China’s economy again contracted in May, with manufacturing and services reports also showing activity remained in a contractionary phase, though the slump was not as deep or as nasty as what we saw in April when they fell to two-year lows.
The official manufacturing activity index from the National Bureau of Statistics (NBS) rose to 49.6 in May, from 47.4 in April.
And the NBS non-manufacturing survey – which measures business sentiment in the services and construction sectors – rose to 47.8 from the low 41.9 in April.
The official composite PMI, which includes both manufacturing and services activity, rose from 42.7 in April to 48.4 in May.
Although bouncing from their more than two-year lows in April, the surveys clearly show that activity remains in a contractionary phase, although economists expect the staged re-opening of Shanghai, which expanded from today, will see both reading back in expansion in June.
Activity in Beijing is also improving as the clampdowns are eased, but the capital’s timetable remains well behind Shanghai.
Reuters reported on Tuesday that Tesla’s big factory in Shanghai is moving back its lockdown capacity to 70%, which markets in Asia took as positive news yesterday.
The reports said Tesla added a second shift of workers in the middle of last week and is expected to increase output further this week.
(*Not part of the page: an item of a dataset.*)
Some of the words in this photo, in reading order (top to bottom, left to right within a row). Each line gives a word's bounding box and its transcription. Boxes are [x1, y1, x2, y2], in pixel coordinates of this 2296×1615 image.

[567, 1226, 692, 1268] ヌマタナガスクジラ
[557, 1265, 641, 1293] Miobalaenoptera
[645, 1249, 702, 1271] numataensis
The latest figure for manufacturing marked the third straight month of contraction in factory activity, with output (49.7 vs 44.4 in April), new orders (48.2 vs 42.6), and new export orders (46.2 vs 41.6) all falling at slower rates. Better (but still negative) figures were reported for price pressures – input costs rose the least in four months (55.8 vs 64.2) while output charges fell for first time since January (49.5 vs 54.4).
Non-manufacturing activity was hit again by the impact (lessened compared with April) of the Covid lockdowns in Shanghai and Beijing, with activity improving elsewhere.
“The official PMIs add to broader evidence that activity has started to rebound as containment measures were rolled back. That said, the recovery is likely to remain tepid amid weak external demand and labour market strains,” said Sheana Yue, China economist at Capital Economics.
“The PMIs probably understate the scale of recovery this month given that the surveys mostly took place prior to when most restrictions in Shanghai were relaxed. High-frequency data suggest that service sector activity has improved since then. We suspect that the hard data due over the coming weeks will reveal a stronger recovery,” she added.
Hours after these weak surveys of activity across the economy were announced, China revealed a swag of policy changes designed to stimulate the economy and try revive demand and production.
China’s State Council or cabinet released a package of 33 measures covering fiscal, financial, investment and industrial policies on Tuesday to get the pandemic-shattered economy stabilised and then growing as quickly as possible.
The stimulus ideas were hinted at a week ago by the State Council but this time they are firmer and carry more detail.
China will look to expand private investment, accelerate infrastructure construction and stimulate purchases of cars and home appliances to stabilise investments, according to the measures.
In terms of monetary and financial policies, China will boost financing efficiency via capital markets, by supporting domestic firms to list in Hong Kong (now seemingly, the official offshore market), and promote offshore listings by qualified platform companies.
The State Council also vowed to further reduce real borrowing costs, and strengthen financial support for infrastructure and major projects.
To enhance fiscal support to the economy, China will accelerate local government special bond issuance and cash support for firms that hire college graduates.
The chief aim is to try and steady and then drive investment and consumption higher – to do so, the government told local governments across the country not to expand curbs on auto purchases and said those which already have curbs in place should gradually increase their quotas on car ownership.
Shanghai immediately did that with a proposal to expand the number of licences given to own new cars this year, as well as a host of other changes to tax, fees and charges, investment and ownership of assets.
The Ministry of Finance also said on Tuesday that it would halve the purchase tax for small-engined cars – a move that will see a sharp rise in car production sales in the next month to so, especially New Energy Vehicles (plug EVs and hybrids).
After two years of abusing and cracking down on big tech companies, especially the likes of Tencent and Alibaba, as well as ride share and education businesses, China now wants them to play a major role in stabilising jobs.
So-called platform companies (like Tencent or Alibaba) will be encouraged to make breakthroughs in areas including cloud computing, artificial intelligence and blockchain technologies.
There will be tax credit rebates to more sectors and plans to allow firms in industries hit hard by COVID-19 curbs to defer social security payments, the State Council said.
Other measures include policies to ensure energy and food security, and stabilise supply chains.